Astronomer Annie Jump Cannon was born #OTD in 1863. She was a pioneer of stellar classification and co-creator of the Harvard Classification Scheme. Over her lifetime she *manually* classified around 350,000 stars.

Image: Harvard University, Radcliffe Archives

Cannon expanded on the classification used by Edward Pickering (director of the Harvard Observatory from 1877-1919) and Williamina Fleming, adding the O, B, A, F, G, K, M spectral classes.

The Harvard Classification system, adopted by the International Astronomical Union in 1922, is still in use today.

Annie Jump Cannon learned the basics of astronomy from her mother Mary, who taught her to recognize constellations. Together they built a little observatory in the attic of their home.

Her father encouraged her to attend a new college for women in Massachusetts –– Wellesley. She liked the school but not the weather. She was often sick during her first year there. These illnesses may have contributed to the eventual loss of her hearing.

At Wellesley she studied Physics and Astronomy, working with Sarah Frances Whiting.

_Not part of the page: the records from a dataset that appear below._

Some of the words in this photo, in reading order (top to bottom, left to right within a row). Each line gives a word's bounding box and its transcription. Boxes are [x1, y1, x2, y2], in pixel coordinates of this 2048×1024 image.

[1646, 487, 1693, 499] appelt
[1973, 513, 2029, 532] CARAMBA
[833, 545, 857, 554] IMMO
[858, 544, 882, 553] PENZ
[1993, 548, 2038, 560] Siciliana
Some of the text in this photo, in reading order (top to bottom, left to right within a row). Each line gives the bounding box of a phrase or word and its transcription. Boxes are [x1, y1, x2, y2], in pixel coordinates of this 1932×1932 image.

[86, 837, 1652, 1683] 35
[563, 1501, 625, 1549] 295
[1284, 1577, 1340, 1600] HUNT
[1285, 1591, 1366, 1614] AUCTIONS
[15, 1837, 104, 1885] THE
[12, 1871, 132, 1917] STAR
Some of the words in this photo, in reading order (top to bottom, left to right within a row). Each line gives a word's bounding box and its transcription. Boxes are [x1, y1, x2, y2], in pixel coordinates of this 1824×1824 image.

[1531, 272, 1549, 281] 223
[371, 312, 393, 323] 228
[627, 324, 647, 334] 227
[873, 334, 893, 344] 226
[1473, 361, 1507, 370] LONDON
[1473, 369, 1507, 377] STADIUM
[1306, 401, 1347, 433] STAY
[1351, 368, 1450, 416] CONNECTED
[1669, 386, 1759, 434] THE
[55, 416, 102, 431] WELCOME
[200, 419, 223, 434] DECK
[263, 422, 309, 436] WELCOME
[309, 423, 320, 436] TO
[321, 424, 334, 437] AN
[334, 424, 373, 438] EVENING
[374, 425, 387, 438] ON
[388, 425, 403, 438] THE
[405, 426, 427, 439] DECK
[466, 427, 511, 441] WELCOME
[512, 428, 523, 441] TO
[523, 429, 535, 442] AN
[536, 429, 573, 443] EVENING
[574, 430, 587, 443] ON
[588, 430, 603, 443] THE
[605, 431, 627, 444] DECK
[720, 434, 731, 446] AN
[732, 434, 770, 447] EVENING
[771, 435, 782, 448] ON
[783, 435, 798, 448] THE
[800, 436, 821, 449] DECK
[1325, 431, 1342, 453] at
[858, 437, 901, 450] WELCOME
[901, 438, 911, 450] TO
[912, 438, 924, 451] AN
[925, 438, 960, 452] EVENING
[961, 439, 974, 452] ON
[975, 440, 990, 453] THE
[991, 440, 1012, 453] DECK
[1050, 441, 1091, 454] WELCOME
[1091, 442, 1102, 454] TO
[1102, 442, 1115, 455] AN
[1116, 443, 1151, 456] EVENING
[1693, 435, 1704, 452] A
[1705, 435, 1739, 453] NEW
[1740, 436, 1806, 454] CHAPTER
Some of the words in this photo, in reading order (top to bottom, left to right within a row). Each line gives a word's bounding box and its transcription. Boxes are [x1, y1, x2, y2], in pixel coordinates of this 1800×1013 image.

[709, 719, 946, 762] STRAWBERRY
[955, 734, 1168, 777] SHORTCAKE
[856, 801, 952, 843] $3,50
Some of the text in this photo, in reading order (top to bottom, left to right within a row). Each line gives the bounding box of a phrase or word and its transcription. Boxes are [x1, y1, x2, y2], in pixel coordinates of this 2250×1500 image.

https://en.wikipedia.org/wiki/Sarah_Frances_Whiting

Cannon excelled and graduated in 1884 as the valedictorian of her class. But she didn't pursue a career in science. Instead, she moved home to Delaware where she led an active social life.

In 1892, after traveling through Europe and publishing a collection of her photography, Cannon contracted scarlet fever and soon lost her hearing. Then in 1894 her mother died.

Sarah Frances Whiting - Wikipedia

Annie and her mother had been very close. She decided she had to leave Delaware, so she wrote to Whiting who offered her a position as a physics instructor at Wellesley.

Cannon returned to Massachusetts and enrolled at Radcliffe for graduate study in physics and astronomy. She began to work at the Harvard observatory under the direction of Edward Pickering, and was surprised to find several other women working there.

(Pickering often said that he employed women at the observatory because they were more patient and attentive to detail, and better at working with delicate equipment because of their "small hands." But he was also quick to note that he could pay them a quarter of a man's salary.)

Pickering put Cannon to work classifying stars according to their spectra. He had a ten year backlog of spectrograms that needed to be sorted according to the system he had developed with Williamina Fleming.

But there was a disagreement over how exactly the stars should be classified, with Antonia Maury advocating for a more complex system than the simple scheme used by Fleming.

Annie Jump Cannon proposed a third system, a refinement of the Fleming-Pickering system that gathered stars into seven groups – O, B, A, F, G, K, M – according to the strength of the Balmer lines in their spectra.

Later, Cecelia Payne would show that the OBAFGKM classification corresponds to descending temperature, with type O stars the hottest and type M the coolest.

Cannon's classification system was rapidly adopted by astronomers. In 1922 the International Astronomical Union passed a resolution formally adopting the system, which is still (with some modifications) in use today.
@mcnees Any way to make these long strings of posts into blog articles with an introductory post to set the topic and add hashtags to let people find them easily?